Premio Pieve Saverio Tutino 2015 / Festival del diario (18-20 settembre)
Tre giorni di incontri, di letture, di ospiti e di acquisti; un appuntamento performativo molto suggestivo nel buio di luci rosse soffuse (TTM e l’epistolario del giovane soldato Sisto Monti Buzzetti); uno cinematografico dai toni grigi (Torneranno i prati, di E. Olmi), uno teatrale dalla scenografia scarna e genuina (Scalpiccii sotto i platani - l’eccidio di Sant’Anna di Stazzema, di Elisabetta Salvatori), ma anche un appuntamento gastronomico, uno musicale e così via.
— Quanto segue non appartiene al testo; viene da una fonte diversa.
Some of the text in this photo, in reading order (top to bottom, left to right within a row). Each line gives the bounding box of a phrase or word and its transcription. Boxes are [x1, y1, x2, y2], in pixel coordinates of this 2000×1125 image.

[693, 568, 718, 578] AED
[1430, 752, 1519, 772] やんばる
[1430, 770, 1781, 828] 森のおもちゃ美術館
Pieve Santo Stefano è un paese molto intimo; il mio balcone era a mezzo metro dal Tevere e la casa in cui pernottavo seminata di centrini e quadretti papali - persino il coso di plastica del profumo Glade per bagno avvolto da un velo rosa di bomboniera. Le memorie degli altri e le drammatiche esperienze belliche (!) hanno prolungato le meditazioni del mio viaggio nel centro Italia. Bisogno impellente di scrivere impressioni su qualsiasi cosa ma avevo solo una penna promozionale arrivata per posta e nessuna tastiera agile da pc.
Ho fatto confusione con gli orari di entrambe le navette che mi hanno portato al paese - spero che le amiche e gli amici dello staff mi ricorderanno anche per questo.